Bear Stearns, the Wall Street bank now part of JP Morgan Chase, turned down a similarly structured deal to the one under scrutiny between Paulson & Co and Goldman Sachs because it "didn't pass the ethics standards".
The bank, which collapsed during the credit crisis, "smelled trouble" when John Paulson, the hedge fund's founder, approached it with the idea of creating an investment that the fund could bet against, according to author Gregory Zuckerman in his book on Paulson, The Greatest Trade Ever.
Scott Eichel, a senior Bear Stearns trader, met Paulson to discuss the creation of a CDO (collateralised debt obligation, the toxic financial instrument at the heart of the credit crunch), but feared the hedge fund would push for especially risky mortgage assets to be put into it. He likened it to a gambler asking an American football team owner to bench a star quarterback so that he could bet against the team, the book says.

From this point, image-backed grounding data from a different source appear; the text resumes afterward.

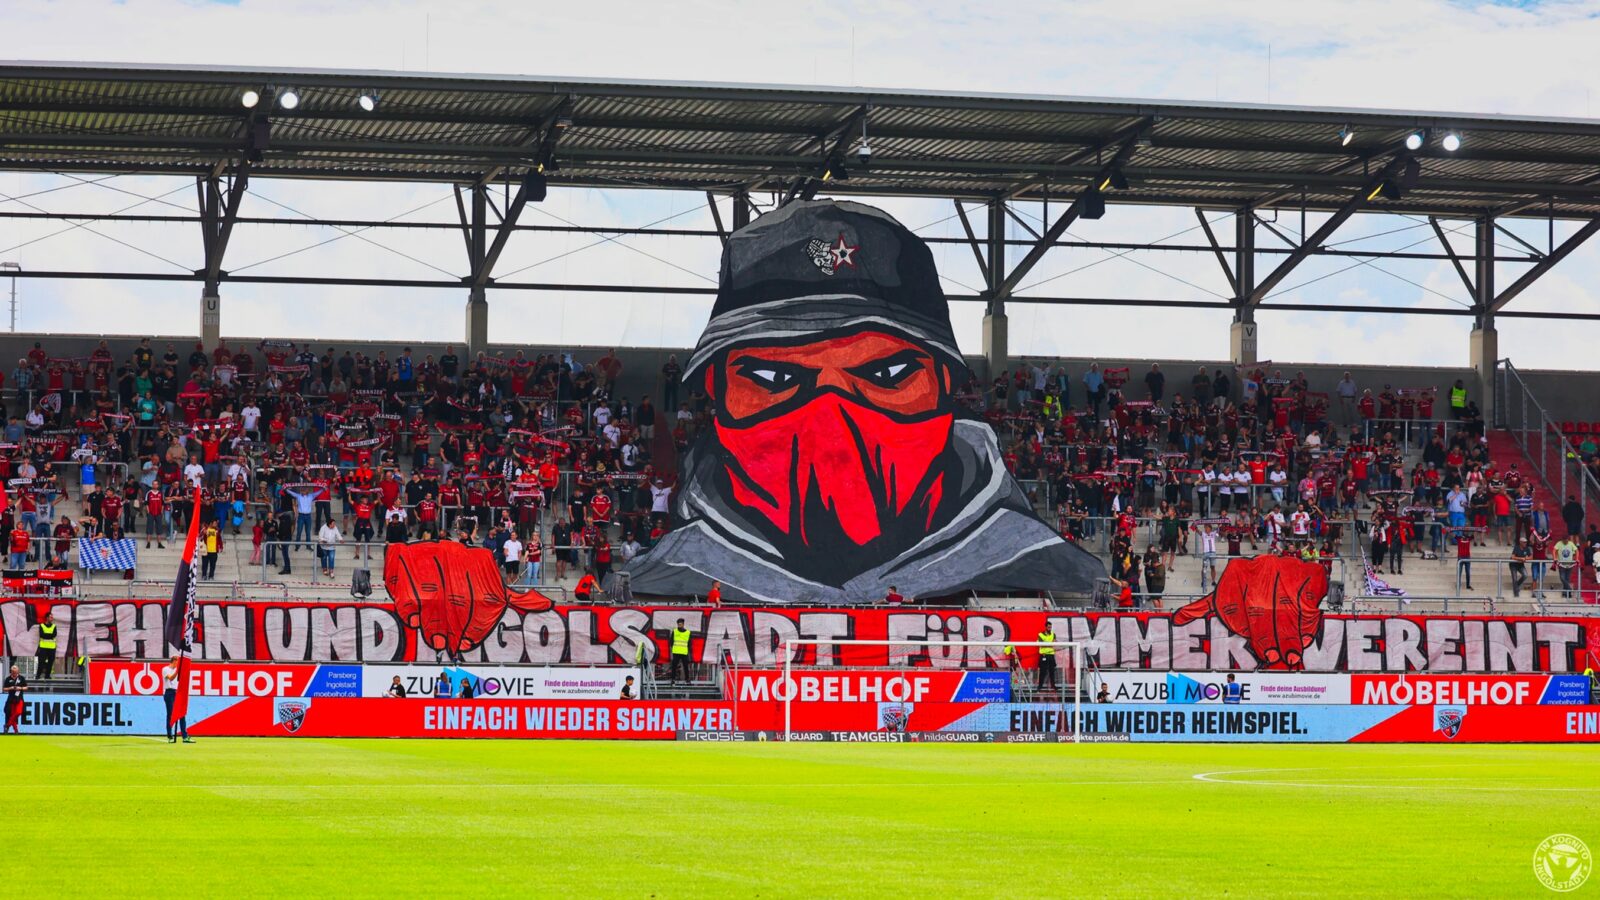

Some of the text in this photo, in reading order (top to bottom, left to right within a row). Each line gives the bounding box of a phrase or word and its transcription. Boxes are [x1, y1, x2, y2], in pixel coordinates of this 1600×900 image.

[207, 300, 217, 311] U
[1245, 327, 1254, 337] V
[265, 607, 400, 661] UND
[1303, 618, 1578, 672] VEREINT
[102, 665, 292, 695] MÖELHOF
[328, 672, 357, 680] Parsberg
[976, 677, 1004, 685] Parsberg
[326, 681, 357, 689] Ingolstadt
[580, 680, 616, 688] Ausbildung!
[1560, 681, 1584, 689] Parsberg
[974, 687, 1004, 695] Ingolstadt
[1115, 683, 1175, 700] AZUBI
[21, 702, 132, 726] EIMSPIEL.
[424, 706, 518, 730] EINFACH
[525, 707, 610, 731] WIEDER
[1010, 710, 1308, 734] EINFACH WIEDER HEIMSPIEL.
[1566, 712, 1600, 734] EIN
[831, 731, 905, 742] TEAMGEIST
[924, 732, 979, 741] hildeGUARD
[1007, 733, 1046, 743] guSTAFF
[1058, 733, 1129, 743] prodkte.prosis.de

One one hand, Bear Stearns would be selling the deals to investors without telling them that a bearish hedge fund was the impetus for the transaction, Eichal told a colleague; on the other, it would be helping Paulson to wager against the deals.

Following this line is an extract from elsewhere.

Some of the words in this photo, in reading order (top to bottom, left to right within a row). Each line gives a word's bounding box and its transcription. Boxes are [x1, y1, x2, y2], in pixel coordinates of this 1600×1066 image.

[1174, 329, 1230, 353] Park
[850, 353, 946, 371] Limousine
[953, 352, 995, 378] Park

Eichel told Zuckerman. "We had three meetings with John [Paulson, the hedge fund's manager], we were working on a trade together. He had a bearish view and was very open about what he wanted to do, he was more up front than most of them. But it didn't pass the ethics standards; it was a reputation issue, and it didn't pass our moral compass. We didn't think we should sell deals that someone was shorting on the other side."
The bank was more wary because some of the investors in the CDOs would be pension funds and endowments, not just hedge funds, the book says.